2. A hand-held tool as claimed in claim 1 in which the adjustable accommodation of said bar leg portion in said groove includes a longitudinal slot in said leg portion and an adjusting screw extending freely through the slot and threaded into said plate for clamping the leg portion to the plate.
3. A hand-held tool as claimed in claim 1 in which said plate and said base portion of said bar are of substantially the same thickness.
4. A hand-held tool as claimed in claim 3 in which the depth of said groove and the thickness of said leg portion is substantially flush with the adjacent surface of said plate.

In handcraft manufacture of furniture, or the like, a difficulty often exists in rapidly and accurately sizing the dowel end (the end portion to be accommodated in a hole in an abutting piece) of a workpiece or spindle turning on a lathe. The workpiece is usually decoratively formed on the lathe and a dowel end which is under size in diameter, for example, can cause assembly problems in fitting too loosely in standardized dowel holes.
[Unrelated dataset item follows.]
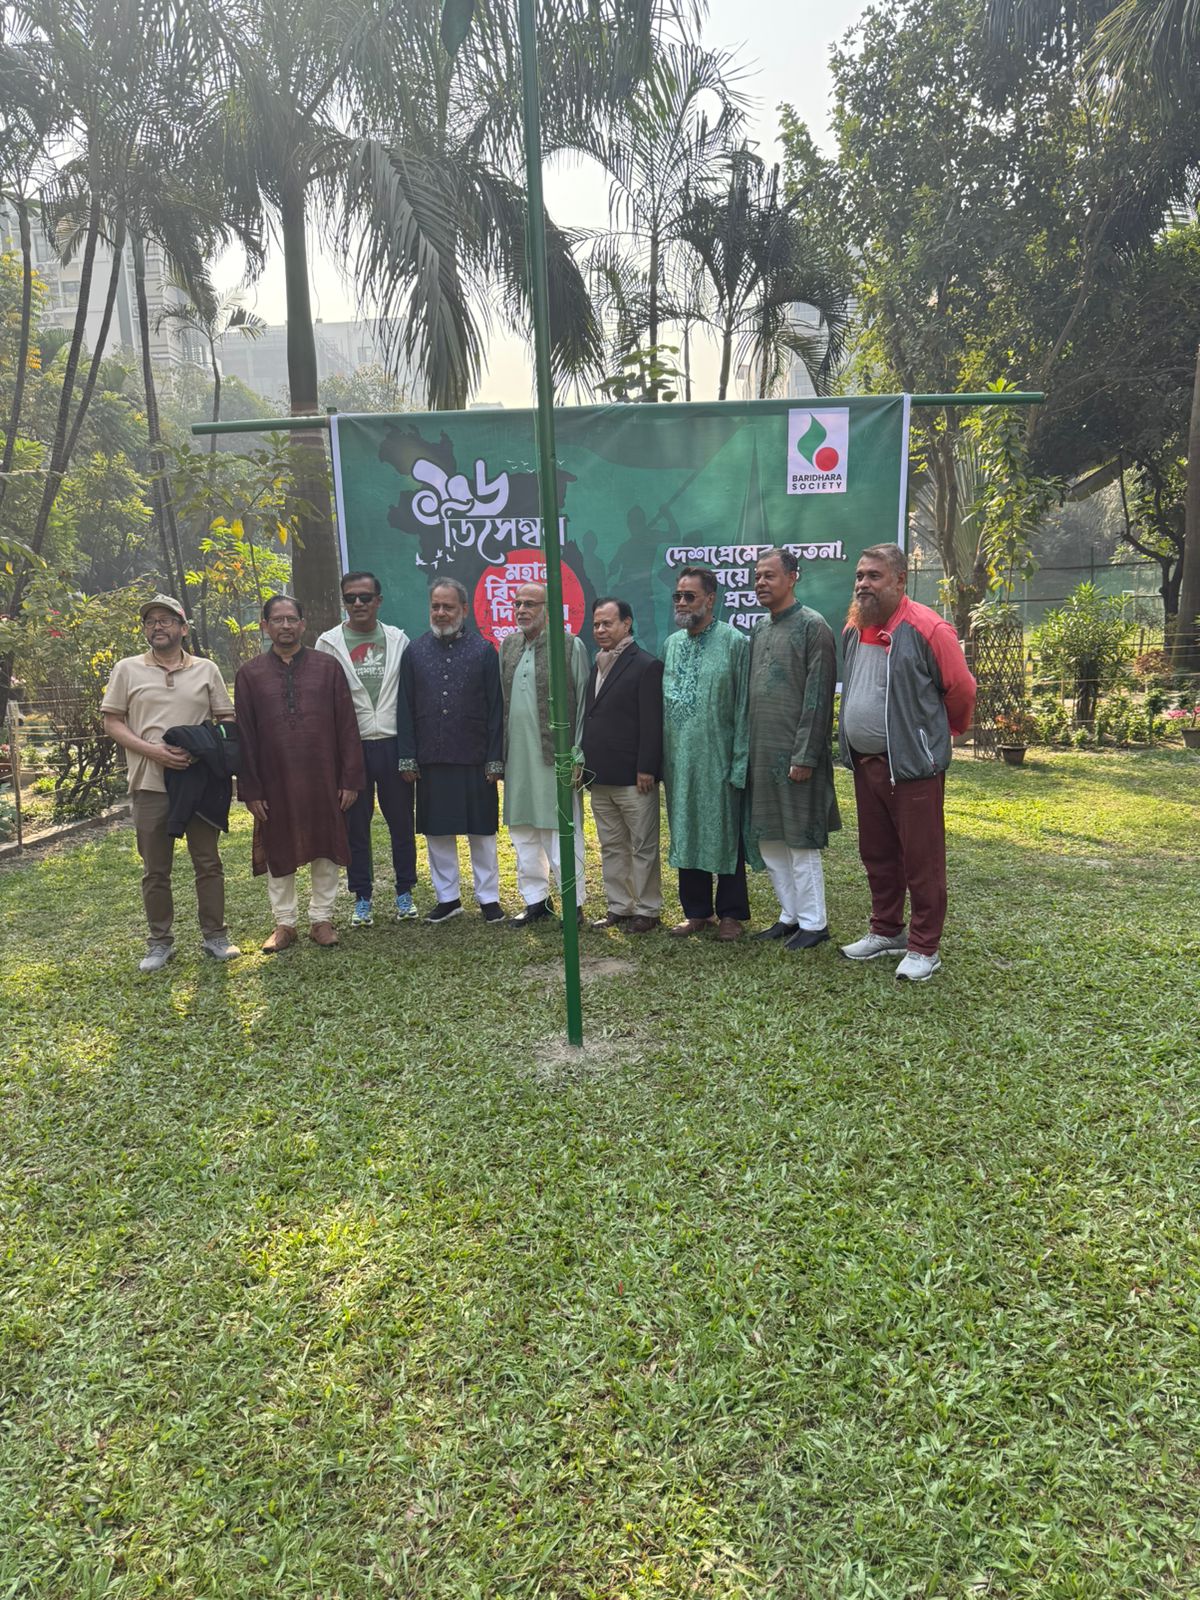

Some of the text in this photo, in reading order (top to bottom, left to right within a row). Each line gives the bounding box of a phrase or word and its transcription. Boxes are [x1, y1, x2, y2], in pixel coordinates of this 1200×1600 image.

Further, the conventional method for sizing a spindle or workpiece on a lathe requires the use of outside calipers in one hand of the operator and a parting tool in the other as the lathe is addressed, a procedure having inherent safety risks and tending to obstruct vision of the work.

The tool of the present invention provides for accurately sizing, as to diameter, workpiece or spindle dowel ends as the piece is turning on a lathe. It provides a cutting edge which is adjustably spaced from a reference bar adapted to extend in contiguous, underlying relation to the workpiece turning on a lathe. The tool may be rested on the lathe's tool rest and manually fed into the workpiece to reduce its dowel end to the predetermined, adjusted diameter. In using the tool, the operator's hands may be well back from the turning lathe and vision of the work is unobstructed.


FIG. 1 is a side view of the assembled tool of the present invention.

FIG. 2 is a perspective view of the tool in use.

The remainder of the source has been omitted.